Unless the context clearly requires otherwise, throughout the description and the claims, the words “comprise,” “comprising,” and the like are to be construed in an inclusive sense, as opposed to an exclusive or exhaustive sense—that is to say, in the sense of “including, but not limited to.” As used herein, the terms “connected,” “coupled,” and any variants thereof mean any connection or coupling, either direct or indirect, between two or more elements; the coupling or connection between the elements can be physical, logical, or a combination thereof. Additionally, the words “herein,” “above,” “below,” and words of similar import can refer to this application as a whole and not to any particular portions of this application. Where context permits, words in the above Detailed Description using the singular or plural number can also include the plural or singular number, respectively. The word “or” in reference to a list of two or more items covers all of the following interpretations of the word: any of the items in the list, all of the items in the list, and any combination of the items in the list. The term “module” refers broadly to software components, firmware components, and/or hardware components.

While specific examples of technology are described above for illustrative purposes, various equivalent modifications are possible within the scope of the invention, as those skilled in the relevant art will recognize. For example, while processes or blocks are presented in a given order, alternative implementations can perform routines having steps, or employ systems having blocks, in a different order, and some processes or blocks can be deleted, moved, added, subdivided, combined, and/or modified to provide alternative or sub-combinations. Each of these processes or blocks can be implemented in a variety of different ways. Also, while processes or blocks are at times shown as being performed in series, these processes or blocks can instead be performed or implemented in parallel, or can be performed at different times. Further, any specific numbers noted herein are only examples such that alternative implementations can employ differing values or ranges.

Details of the disclosed implementations can vary considerably in specific implementations while still being encompassed by the disclosed teachings. As noted above, particular terminology used when describing features or aspects of the invention should not be taken to imply that the terminology is being redefined herein to be restricted to any specific characteristics, features, or aspects of the invention with which that terminology is associated.
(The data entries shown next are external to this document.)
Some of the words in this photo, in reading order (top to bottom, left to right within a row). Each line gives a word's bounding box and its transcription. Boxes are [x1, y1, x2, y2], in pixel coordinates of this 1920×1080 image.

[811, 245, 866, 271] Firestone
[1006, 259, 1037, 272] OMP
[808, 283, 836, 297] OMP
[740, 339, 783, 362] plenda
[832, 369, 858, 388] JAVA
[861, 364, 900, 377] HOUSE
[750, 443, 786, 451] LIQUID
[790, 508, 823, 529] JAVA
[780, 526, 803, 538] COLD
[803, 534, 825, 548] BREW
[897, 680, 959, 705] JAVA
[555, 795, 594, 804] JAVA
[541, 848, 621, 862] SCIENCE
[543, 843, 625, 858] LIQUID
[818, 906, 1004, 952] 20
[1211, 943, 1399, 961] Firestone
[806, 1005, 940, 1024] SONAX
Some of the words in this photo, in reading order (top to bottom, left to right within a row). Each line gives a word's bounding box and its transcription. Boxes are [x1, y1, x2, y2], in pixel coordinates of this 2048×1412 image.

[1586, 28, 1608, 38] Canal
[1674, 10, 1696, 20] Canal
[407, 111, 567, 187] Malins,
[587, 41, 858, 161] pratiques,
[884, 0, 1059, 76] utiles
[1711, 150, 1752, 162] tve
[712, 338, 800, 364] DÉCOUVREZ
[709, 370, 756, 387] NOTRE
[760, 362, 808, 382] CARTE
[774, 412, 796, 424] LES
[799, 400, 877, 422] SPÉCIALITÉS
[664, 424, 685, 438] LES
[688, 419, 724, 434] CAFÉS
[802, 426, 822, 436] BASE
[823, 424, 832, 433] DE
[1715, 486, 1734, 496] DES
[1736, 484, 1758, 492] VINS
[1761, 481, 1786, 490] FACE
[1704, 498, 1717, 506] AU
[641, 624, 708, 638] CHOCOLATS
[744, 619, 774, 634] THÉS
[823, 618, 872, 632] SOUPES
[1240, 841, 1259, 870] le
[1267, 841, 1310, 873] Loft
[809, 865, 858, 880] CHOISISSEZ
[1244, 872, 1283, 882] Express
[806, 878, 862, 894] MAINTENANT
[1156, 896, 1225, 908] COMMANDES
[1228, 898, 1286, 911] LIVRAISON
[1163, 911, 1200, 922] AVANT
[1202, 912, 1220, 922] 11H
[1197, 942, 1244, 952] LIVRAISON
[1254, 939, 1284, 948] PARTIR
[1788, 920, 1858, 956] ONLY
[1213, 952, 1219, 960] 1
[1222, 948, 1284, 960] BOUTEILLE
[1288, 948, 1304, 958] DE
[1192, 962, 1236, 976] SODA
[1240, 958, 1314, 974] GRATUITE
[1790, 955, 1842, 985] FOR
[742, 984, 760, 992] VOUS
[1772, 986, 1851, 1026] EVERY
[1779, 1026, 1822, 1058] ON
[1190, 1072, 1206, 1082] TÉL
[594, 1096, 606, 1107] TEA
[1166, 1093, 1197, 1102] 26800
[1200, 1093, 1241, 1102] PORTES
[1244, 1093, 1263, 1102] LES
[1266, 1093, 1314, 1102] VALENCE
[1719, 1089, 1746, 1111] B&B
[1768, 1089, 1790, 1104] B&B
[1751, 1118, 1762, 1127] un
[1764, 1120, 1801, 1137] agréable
In general, the terms used in the following claims should not be construed to limit the invention to the specific examples disclosed herein, unless the above Detailed Description explicitly defines such terms. Accordingly, the actual scope of the invention encompasses not only the disclosed examples but also all equivalent ways of practicing or implementing the invention under the claims. Some alternative implementations can include additional elements to those implementations described above or include fewer elements.

Any patents and applications and other references noted above, and any that can be listed in accompanying filing papers, are incorporated herein by reference in their entireties, except for any subject matter disclaimers or disavowals, and except to the extent that the incorporated material is inconsistent with the express disclosure herein, in which case the language in this disclosure controls. Aspects of the invention can be modified to employ the systems, functions, and concepts of the various references described above to provide yet further implementations of the invention.

To reduce the number of claims, certain implementations are presented below in certain claim forms, but the applicant contemplates various aspects of an invention in other forms. For example, aspects of a claim can be recited in a means-plus-function form or in other forms, such as being embodied in a computer-readable medium. A claim intended to be interpreted as a means-plus-function claim will use the words “means for.” However, the use of the term “for” in any other context is not intended to invoke a similar interpretation. The applicant reserves the right to pursue such additional claim forms either in this application or in a continuing application.